***** INPUT RECORDS

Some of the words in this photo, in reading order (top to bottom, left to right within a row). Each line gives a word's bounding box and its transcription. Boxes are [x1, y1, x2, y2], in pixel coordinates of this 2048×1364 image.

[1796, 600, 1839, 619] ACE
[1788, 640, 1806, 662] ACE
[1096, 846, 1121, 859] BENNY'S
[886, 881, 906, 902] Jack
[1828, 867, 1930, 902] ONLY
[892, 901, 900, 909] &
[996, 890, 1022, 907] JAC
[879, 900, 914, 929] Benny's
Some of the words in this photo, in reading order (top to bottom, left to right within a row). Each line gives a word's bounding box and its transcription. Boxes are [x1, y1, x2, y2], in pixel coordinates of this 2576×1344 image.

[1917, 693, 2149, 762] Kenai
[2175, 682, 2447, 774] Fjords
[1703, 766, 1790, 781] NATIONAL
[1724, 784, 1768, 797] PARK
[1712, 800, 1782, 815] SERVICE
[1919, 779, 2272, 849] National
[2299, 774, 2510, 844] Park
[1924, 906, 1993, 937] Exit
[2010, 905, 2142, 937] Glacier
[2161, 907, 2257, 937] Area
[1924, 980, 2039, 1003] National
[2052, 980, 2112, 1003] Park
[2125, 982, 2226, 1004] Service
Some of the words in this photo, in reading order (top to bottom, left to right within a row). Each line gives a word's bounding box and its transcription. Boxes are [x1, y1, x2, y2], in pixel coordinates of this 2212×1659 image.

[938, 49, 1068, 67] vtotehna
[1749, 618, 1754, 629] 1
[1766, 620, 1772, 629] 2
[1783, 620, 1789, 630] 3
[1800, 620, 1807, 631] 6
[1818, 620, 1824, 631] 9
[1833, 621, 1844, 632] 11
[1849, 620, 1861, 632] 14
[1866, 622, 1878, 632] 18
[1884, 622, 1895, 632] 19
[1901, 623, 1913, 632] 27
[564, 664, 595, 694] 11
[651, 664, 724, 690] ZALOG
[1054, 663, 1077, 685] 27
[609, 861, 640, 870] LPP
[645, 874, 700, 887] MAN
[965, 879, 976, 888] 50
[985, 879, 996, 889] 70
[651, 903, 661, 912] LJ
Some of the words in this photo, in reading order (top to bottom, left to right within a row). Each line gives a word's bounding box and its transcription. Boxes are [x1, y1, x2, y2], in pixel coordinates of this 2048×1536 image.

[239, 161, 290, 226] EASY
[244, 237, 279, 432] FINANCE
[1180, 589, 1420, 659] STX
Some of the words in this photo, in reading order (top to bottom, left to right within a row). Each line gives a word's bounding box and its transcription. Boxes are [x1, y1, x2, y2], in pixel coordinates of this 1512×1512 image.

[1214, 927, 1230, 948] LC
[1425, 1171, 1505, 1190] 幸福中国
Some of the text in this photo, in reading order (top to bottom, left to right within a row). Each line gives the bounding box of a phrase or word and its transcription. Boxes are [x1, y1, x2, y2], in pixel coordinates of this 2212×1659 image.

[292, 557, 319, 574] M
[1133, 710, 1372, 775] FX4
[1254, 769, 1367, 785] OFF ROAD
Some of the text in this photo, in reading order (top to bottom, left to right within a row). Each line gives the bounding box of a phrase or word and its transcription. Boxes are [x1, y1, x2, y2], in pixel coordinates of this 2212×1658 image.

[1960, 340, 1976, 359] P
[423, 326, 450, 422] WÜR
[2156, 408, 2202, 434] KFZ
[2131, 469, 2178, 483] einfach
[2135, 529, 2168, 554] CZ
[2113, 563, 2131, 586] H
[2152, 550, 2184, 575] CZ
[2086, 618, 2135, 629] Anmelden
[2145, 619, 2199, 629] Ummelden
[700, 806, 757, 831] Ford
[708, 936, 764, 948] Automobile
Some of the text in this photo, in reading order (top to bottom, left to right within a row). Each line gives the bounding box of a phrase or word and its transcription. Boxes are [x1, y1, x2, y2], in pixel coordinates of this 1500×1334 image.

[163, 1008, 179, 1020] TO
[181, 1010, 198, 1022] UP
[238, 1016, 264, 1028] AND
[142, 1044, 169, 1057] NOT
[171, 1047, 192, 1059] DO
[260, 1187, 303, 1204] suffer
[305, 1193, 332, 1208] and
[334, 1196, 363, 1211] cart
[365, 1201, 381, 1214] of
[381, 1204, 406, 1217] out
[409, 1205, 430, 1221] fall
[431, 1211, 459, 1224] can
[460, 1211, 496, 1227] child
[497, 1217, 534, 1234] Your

**********

## DIRECTIONS
The whole of the data above must be given again, unaltered and complete.

## OUTPUT OF THE EXERCISE
Some of the words in this photo, in reading order (top to bottom, left to right within a row). Each line gives a word's bounding box and its transcription. Boxes are [x1, y1, x2, y2], in pixel coordinates of this 2048×1364 image.

[1796, 600, 1839, 619] ACE
[1788, 640, 1806, 662] ACE
[1096, 846, 1121, 859] BENNY'S
[886, 881, 906, 902] Jack
[1828, 867, 1930, 902] ONLY
[892, 901, 900, 909] &
[996, 890, 1022, 907] JAC
[879, 900, 914, 929] Benny's
Some of the words in this photo, in reading order (top to bottom, left to right within a row). Each line gives a word's bounding box and its transcription. Boxes are [x1, y1, x2, y2], in pixel coordinates of this 2576×1344 image.

[1917, 693, 2149, 762] Kenai
[2175, 682, 2447, 774] Fjords
[1703, 766, 1790, 781] NATIONAL
[1724, 784, 1768, 797] PARK
[1712, 800, 1782, 815] SERVICE
[1919, 779, 2272, 849] National
[2299, 774, 2510, 844] Park
[1924, 906, 1993, 937] Exit
[2010, 905, 2142, 937] Glacier
[2161, 907, 2257, 937] Area
[1924, 980, 2039, 1003] National
[2052, 980, 2112, 1003] Park
[2125, 982, 2226, 1004] Service
Some of the words in this photo, in reading order (top to bottom, left to right within a row). Each line gives a word's bounding box and its transcription. Boxes are [x1, y1, x2, y2], in pixel coordinates of this 2212×1659 image.

[938, 49, 1068, 67] vtotehna
[1749, 618, 1754, 629] 1
[1766, 620, 1772, 629] 2
[1783, 620, 1789, 630] 3
[1800, 620, 1807, 631] 6
[1818, 620, 1824, 631] 9
[1833, 621, 1844, 632] 11
[1849, 620, 1861, 632] 14
[1866, 622, 1878, 632] 18
[1884, 622, 1895, 632] 19
[1901, 623, 1913, 632] 27
[564, 664, 595, 694] 11
[651, 664, 724, 690] ZALOG
[1054, 663, 1077, 685] 27
[609, 861, 640, 870] LPP
[645, 874, 700, 887] MAN
[965, 879, 976, 888] 50
[985, 879, 996, 889] 70
[651, 903, 661, 912] LJ
Some of the words in this photo, in reading order (top to bottom, left to right within a row). Each line gives a word's bounding box and its transcription. Boxes are [x1, y1, x2, y2], in pixel coordinates of this 2048×1536 image.

[239, 161, 290, 226] EASY
[244, 237, 279, 432] FINANCE
[1180, 589, 1420, 659] STX
Some of the words in this photo, in reading order (top to bottom, left to right within a row). Each line gives a word's bounding box and its transcription. Boxes are [x1, y1, x2, y2], in pixel coordinates of this 1512×1512 image.

[1214, 927, 1230, 948] LC
[1425, 1171, 1505, 1190] 幸福中国
Some of the text in this photo, in reading order (top to bottom, left to right within a row). Each line gives the bounding box of a phrase or word and its transcription. Boxes are [x1, y1, x2, y2], in pixel coordinates of this 2212×1659 image.

[292, 557, 319, 574] M
[1133, 710, 1372, 775] FX4
[1254, 769, 1367, 785] OFF ROAD
Some of the text in this photo, in reading order (top to bottom, left to right within a row). Each line gives the bounding box of a phrase or word and its transcription. Boxes are [x1, y1, x2, y2], in pixel coordinates of this 2212×1658 image.

[1960, 340, 1976, 359] P
[423, 326, 450, 422] WÜR
[2156, 408, 2202, 434] KFZ
[2131, 469, 2178, 483] einfach
[2135, 529, 2168, 554] CZ
[2113, 563, 2131, 586] H
[2152, 550, 2184, 575] CZ
[2086, 618, 2135, 629] Anmelden
[2145, 619, 2199, 629] Ummelden
[700, 806, 757, 831] Ford
[708, 936, 764, 948] Automobile
Some of the text in this photo, in reading order (top to bottom, left to right within a row). Each line gives the bounding box of a phrase or word and its transcription. Boxes are [x1, y1, x2, y2], in pixel coordinates of this 1500×1334 image.

[163, 1008, 179, 1020] TO
[181, 1010, 198, 1022] UP
[238, 1016, 264, 1028] AND
[142, 1044, 169, 1057] NOT
[171, 1047, 192, 1059] DO
[260, 1187, 303, 1204] suffer
[305, 1193, 332, 1208] and
[334, 1196, 363, 1211] cart
[365, 1201, 381, 1214] of
[381, 1204, 406, 1217] out
[409, 1205, 430, 1221] fall
[431, 1211, 459, 1224] can
[460, 1211, 496, 1227] child
[497, 1217, 534, 1234] Your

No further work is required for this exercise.